Alva and Alberta both suffer from non-Hodgkin's lymphoma, a form of cancer. Their attorneys argued the culprit was 1,500 gallons of Roundup they sprayed on three properties they owned over 30 years.

Alberta Pilliod, a former nun and school principal, said after the verdict: "From their ads, we felt that Roundup was incredibly safe to use."

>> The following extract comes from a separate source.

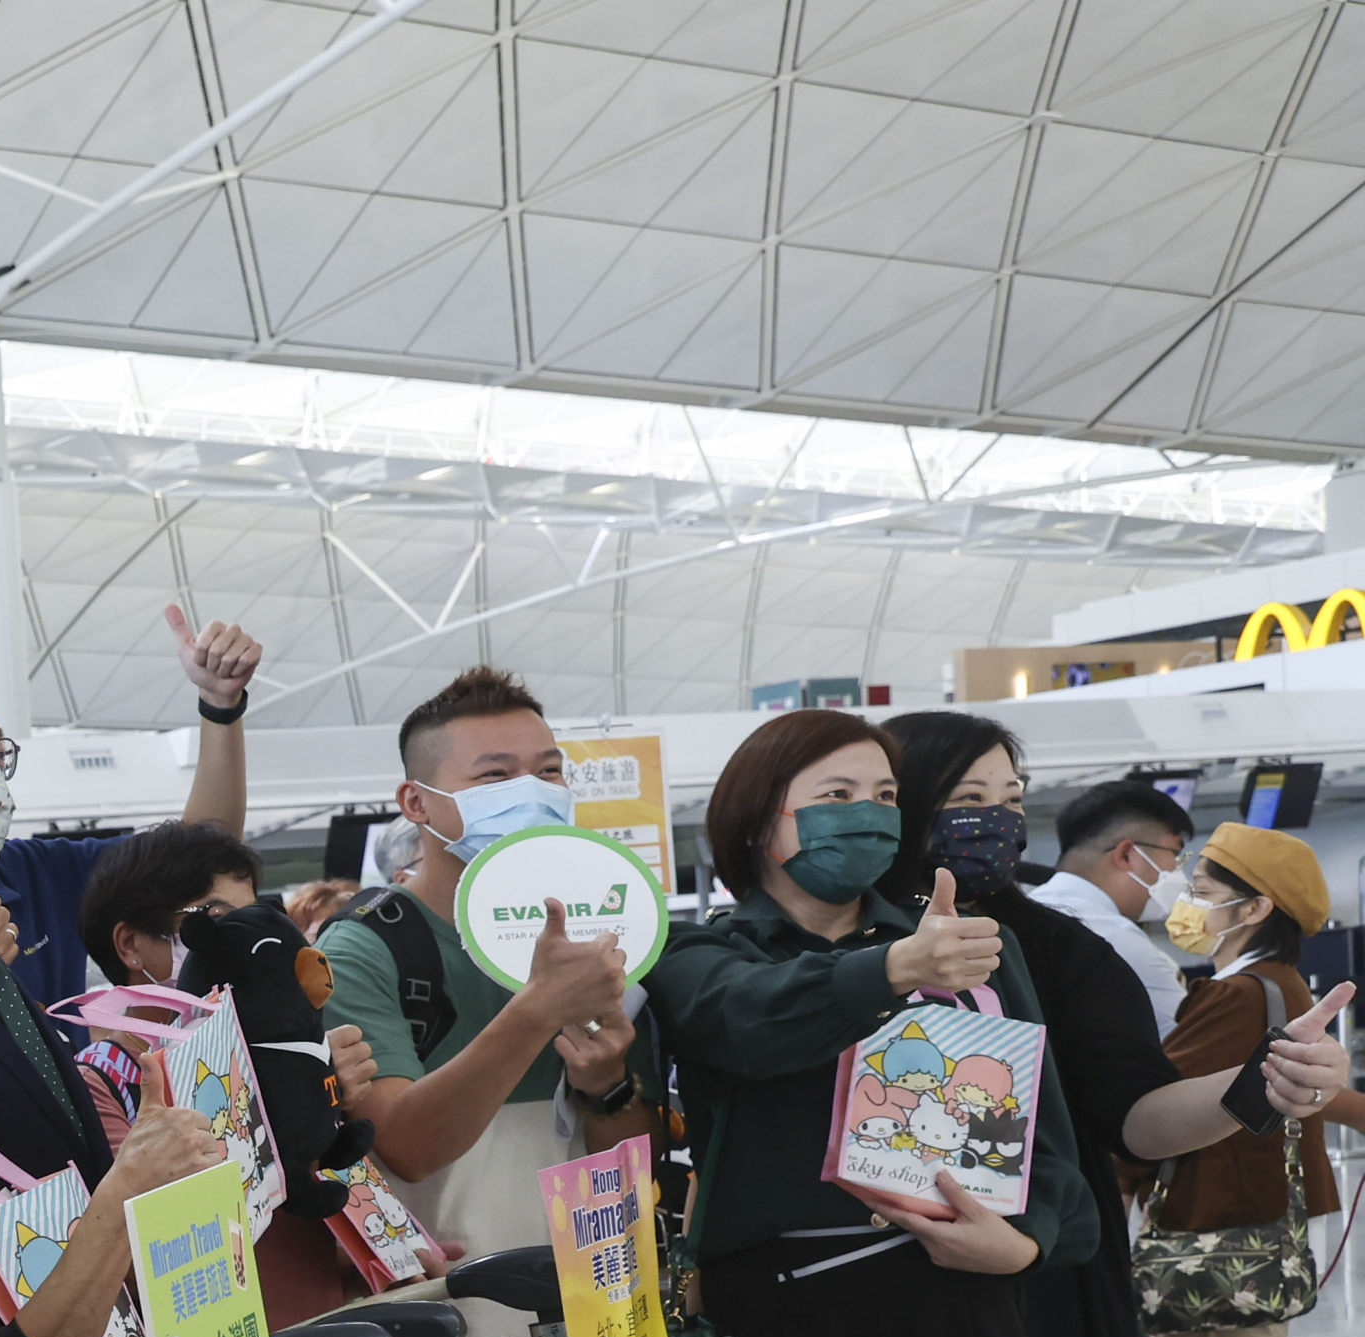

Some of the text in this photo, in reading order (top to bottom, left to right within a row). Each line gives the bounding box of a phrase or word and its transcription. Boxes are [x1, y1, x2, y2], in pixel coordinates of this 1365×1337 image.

"It changed our lives forever. We couldn’t do things we used to be able to do, and we really resent them for that."

Bayer, the parent company of Monsanto, said it would appeal the verdict. The company also said Roundup's active ingredient, glyphosate, is safe, citing a recent EPA study of the chemical.

But that contradicts a 2015 report by the World Health Organization, which said glyphosate is a likely human carcinogen. 

This is the third major damage award involving Roundup in the San Francisco Bay Area. In 2018, Dewayne Johnson, a former groundskeeper with terminal cancer, was awarded $289 million. That was later reduced to $78 million. 

And in March of this year, a jury awarded $80 million to Edwin Hardeman, who blamed his non-Hodgkins lymphoma on the weed killer.